- **Assigned task**
Please print every record below exactly as it appears, but leave out the pictures.

Collected data
○ ○ ○
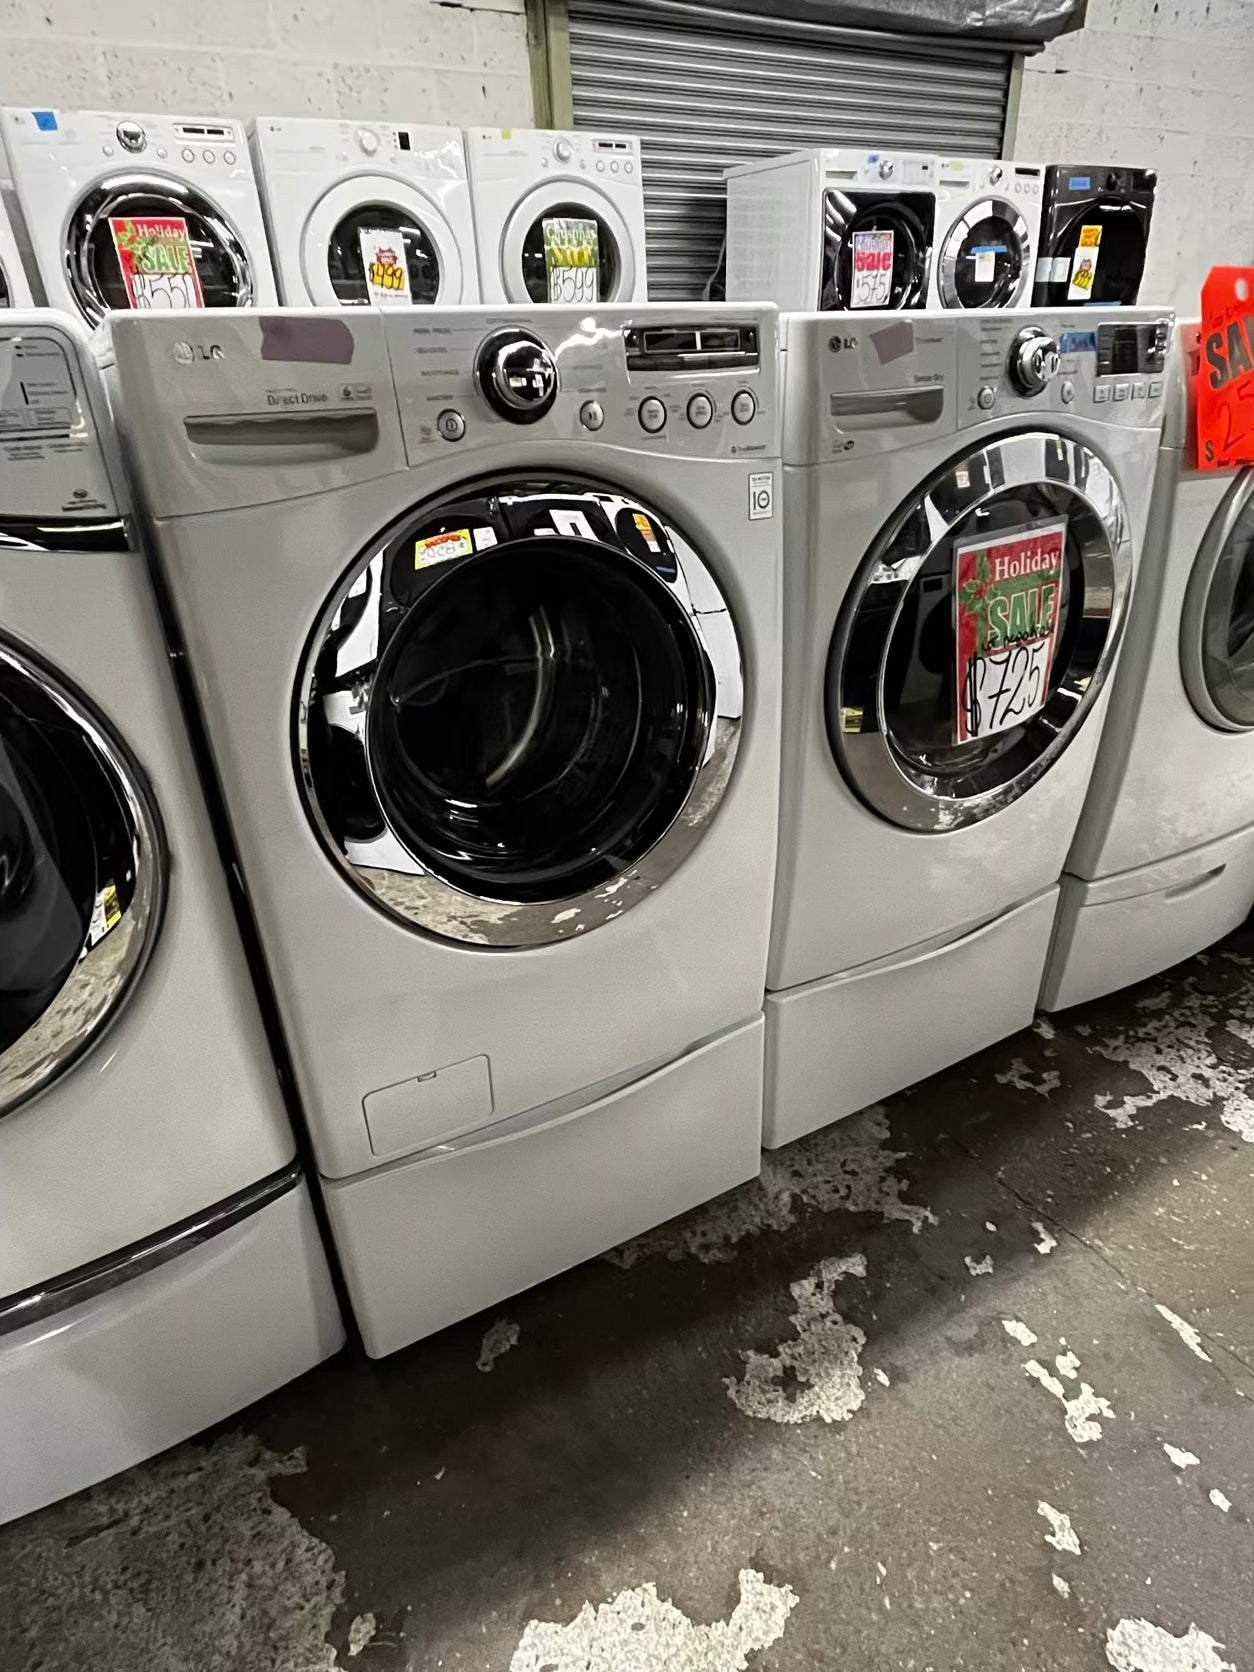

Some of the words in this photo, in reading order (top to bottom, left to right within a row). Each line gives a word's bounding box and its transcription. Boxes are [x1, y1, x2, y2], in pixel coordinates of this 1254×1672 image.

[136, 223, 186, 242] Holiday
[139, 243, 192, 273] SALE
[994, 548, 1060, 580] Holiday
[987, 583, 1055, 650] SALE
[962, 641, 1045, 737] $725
○ ○ ○
- **Exercise answer**
Some of the words in this photo, in reading order (top to bottom, left to right within a row). Each line gives a word's bounding box and its transcription. Boxes are [x1, y1, x2, y2], in pixel coordinates of this 1254×1672 image.

[136, 223, 186, 242] Holiday
[139, 243, 192, 273] SALE
[994, 548, 1060, 580] Holiday
[987, 583, 1055, 650] SALE
[962, 641, 1045, 737] $725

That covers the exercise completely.